Inspiration for Youth

Whenever Firefighter Jose A. Guadalupe saw a cluster of young boys hanging in the shadows of his housing complex, Rochedale Village in Jamaica, Queens, he would leap into his spiel about the importance of school, said his mother, Rowena Guadalupe. "He loved to mentor," Mrs. Guadalupe said. "He told my neighbor, Jamal, not to hang out in front of the buildings. He would say, `Go home and study.' "

He encouraged others, too. In his honor, neighbors placed a miniature fire truck and an American flag at the base of a tree outside his apartment building, she said. "Everyone has told me that it will not be removed until the digging at ground zero is over. After that, they plan to have a plaque made for the outside of the building."

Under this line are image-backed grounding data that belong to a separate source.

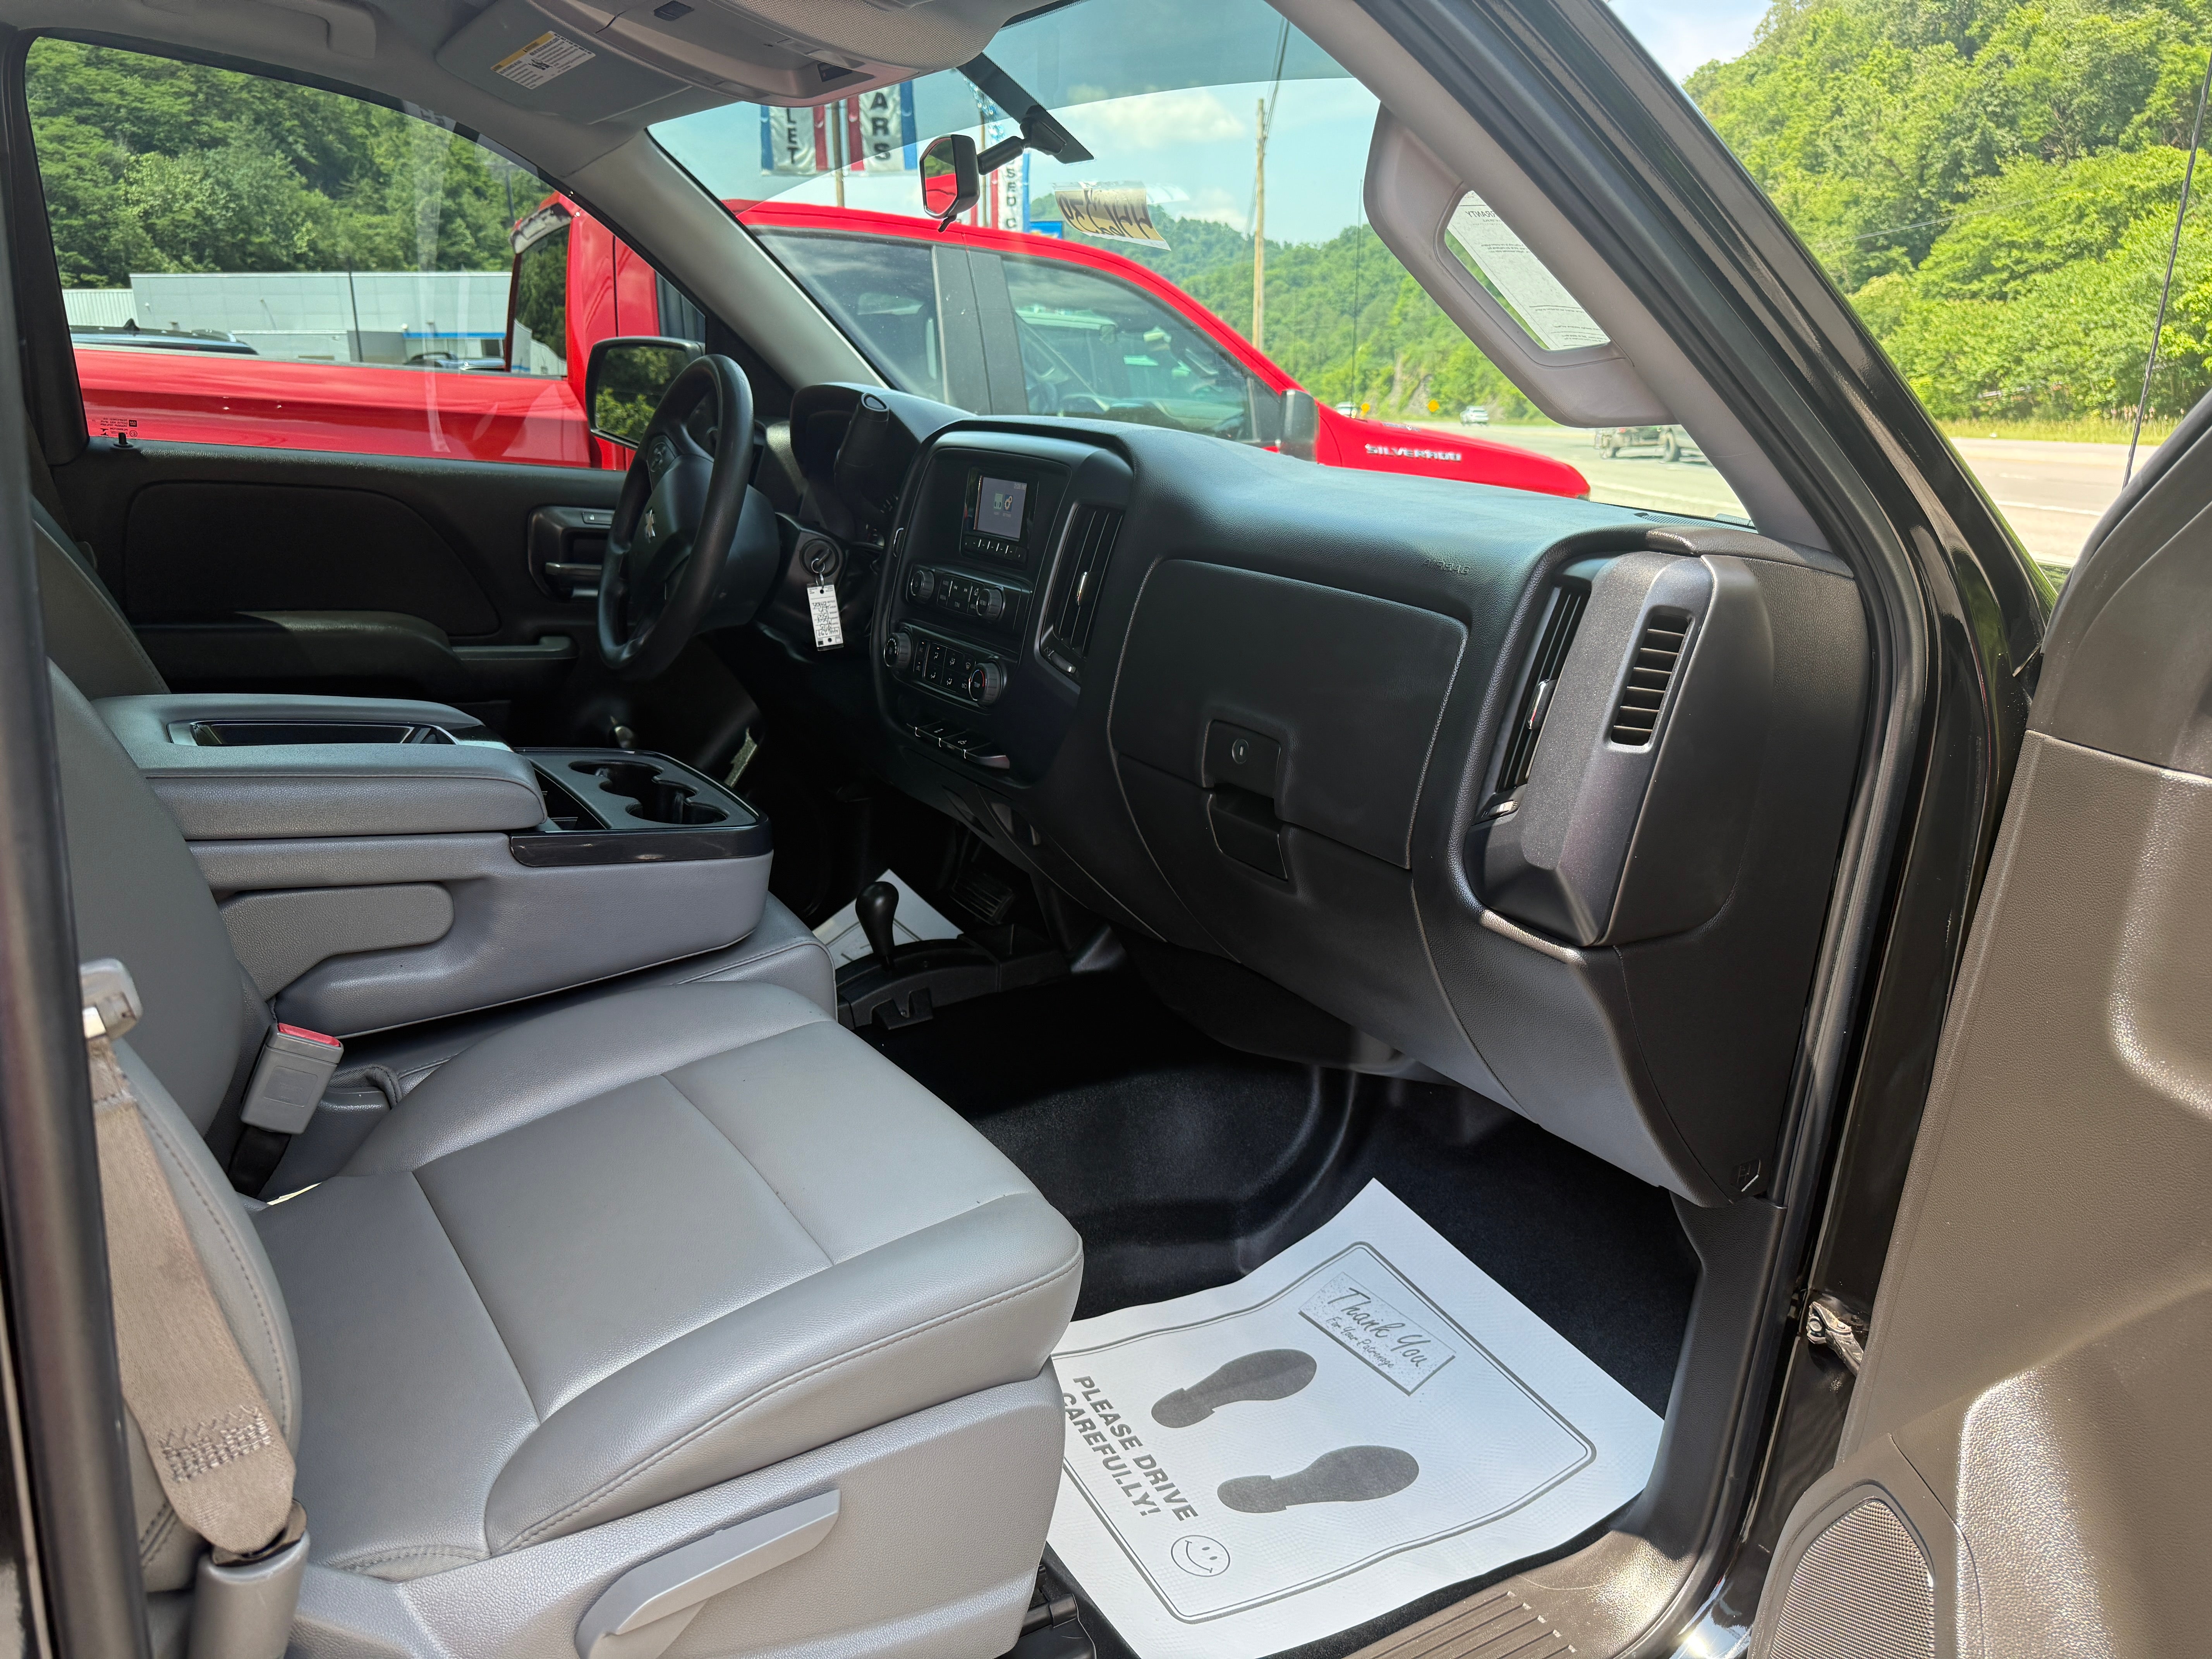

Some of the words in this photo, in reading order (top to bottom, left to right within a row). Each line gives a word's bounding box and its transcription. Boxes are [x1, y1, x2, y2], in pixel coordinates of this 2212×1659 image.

[871, 92, 890, 161] ARS
[1365, 444, 1462, 462] SILVERADO
[1420, 558, 1471, 574] AIRBAG
[1326, 1317, 1342, 1328] For
[1340, 1326, 1358, 1341] Your
[1357, 1338, 1394, 1368] Patronage
[1328, 1287, 1406, 1338] Thank
[1390, 1334, 1431, 1367] You
[1063, 1392, 1161, 1516] CAREFULLY!
[1073, 1376, 1144, 1451] PLEASE
[1132, 1454, 1199, 1522] DRIVE
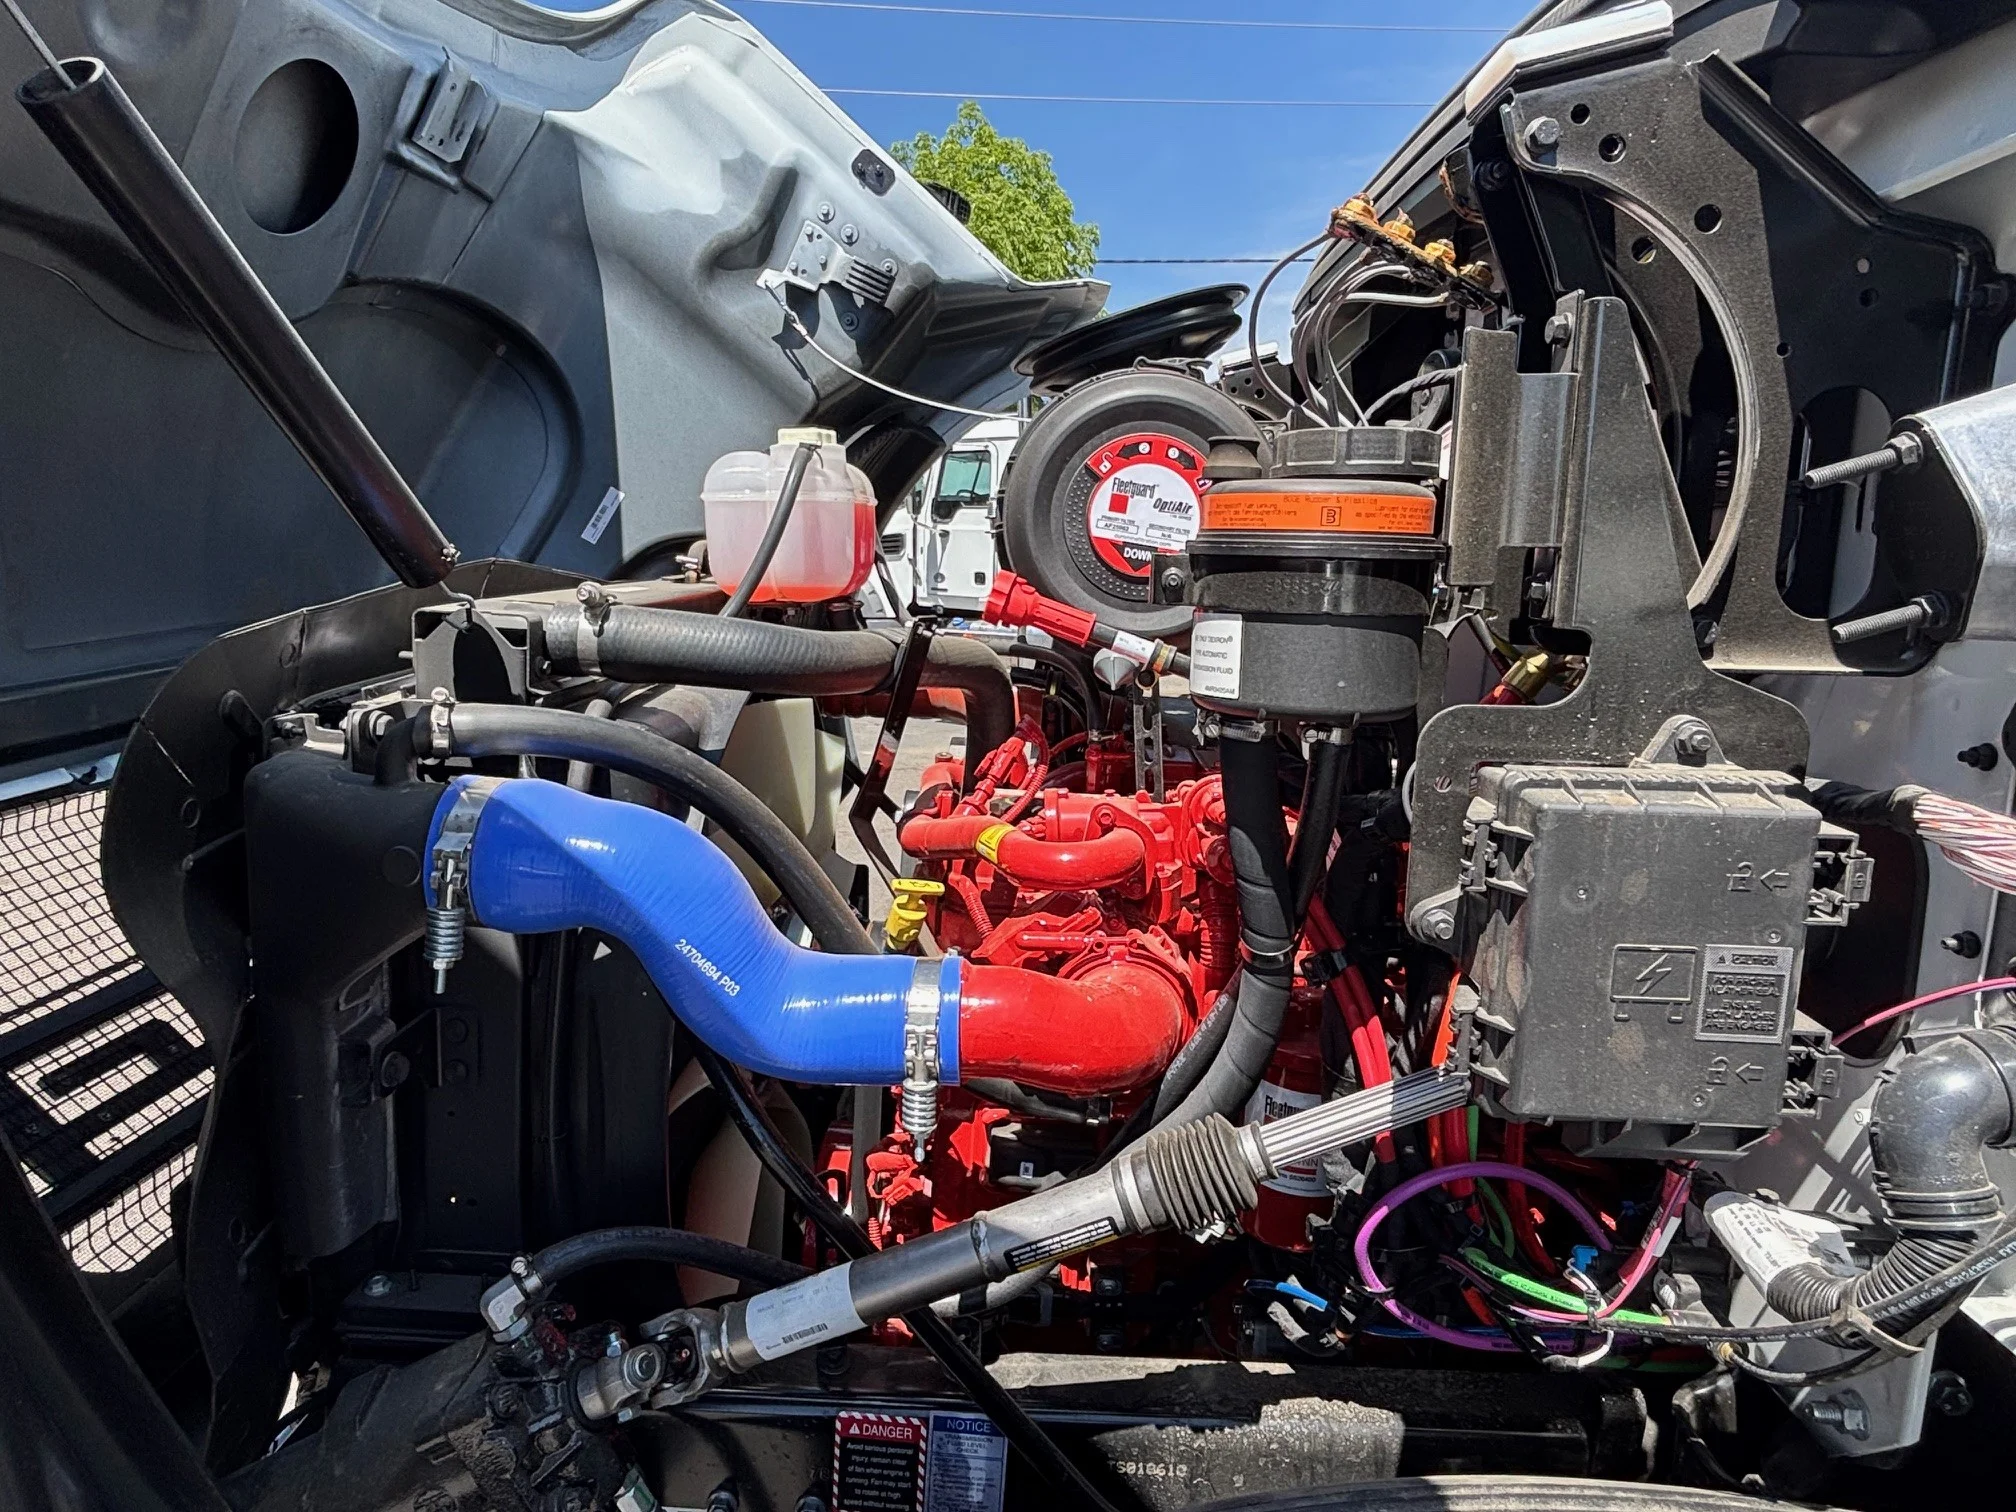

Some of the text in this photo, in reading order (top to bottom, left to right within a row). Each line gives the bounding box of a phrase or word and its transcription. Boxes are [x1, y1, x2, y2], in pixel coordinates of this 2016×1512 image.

[1140, 443, 1149, 453] 2
[675, 938, 741, 997] 24704694 P03
[1264, 1095, 1307, 1118] Fleetg
[862, 1423, 913, 1440] DANGER
[946, 1418, 993, 1433] NOTICE
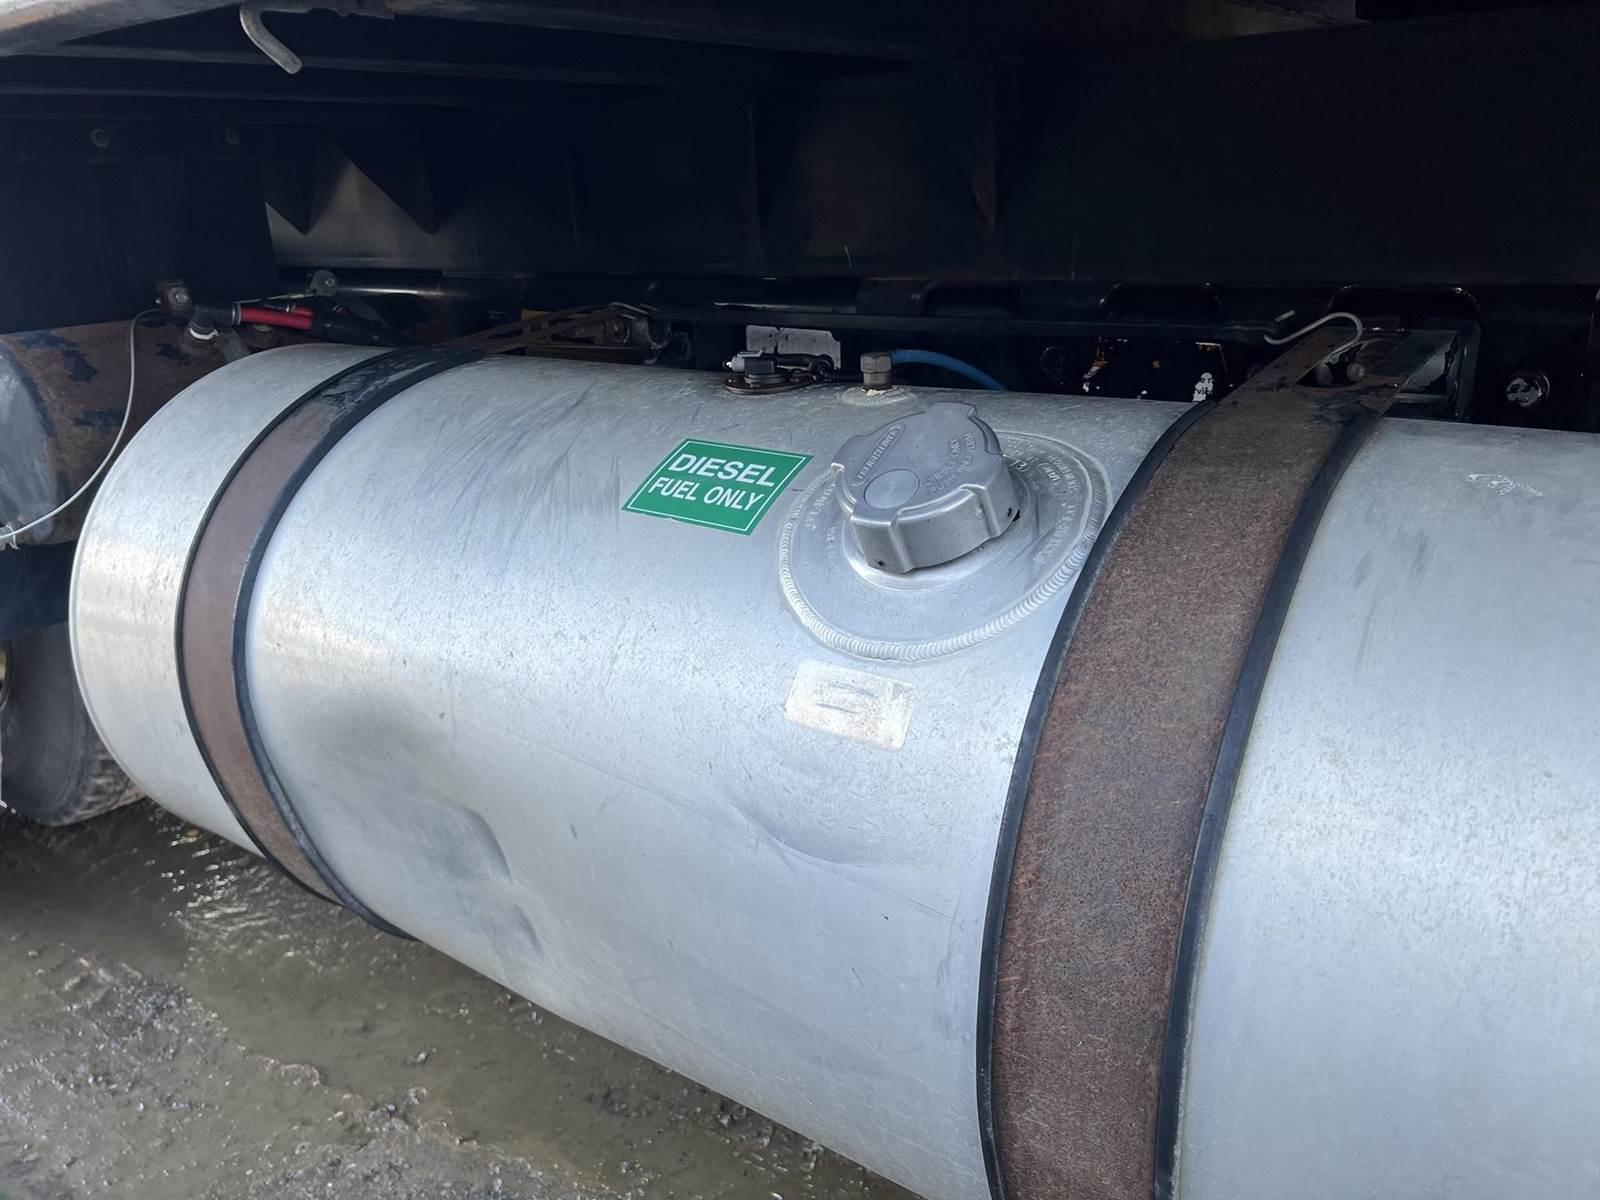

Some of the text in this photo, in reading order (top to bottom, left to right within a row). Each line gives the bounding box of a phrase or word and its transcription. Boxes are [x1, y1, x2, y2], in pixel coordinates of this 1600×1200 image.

While Mr. Guadalupe, 37, cut a large figure at six feet and about 200 pounds, he was quiet. He kept to himself, preferring to build model cars, ski, play basketball, sketch and ride his mountain bike. He was an avid reader, enjoying everything from "The Adventures of Marco Polo" to physics, said Lt. Louis Robinson, who attended the fire academy with Mr. Guadalupe 10 years ago. They also worked together at Engine Company 54 in Manhattan.

Mr. Guadalupe had recently taken up the guitar. He was captivated by Jimi Hendrix. "The Long Watch" and "Stone Free" were just two of the Hendrix hits that left him spellbound.

Profile published in THE NEW YORK TIMES on April 28, 2002.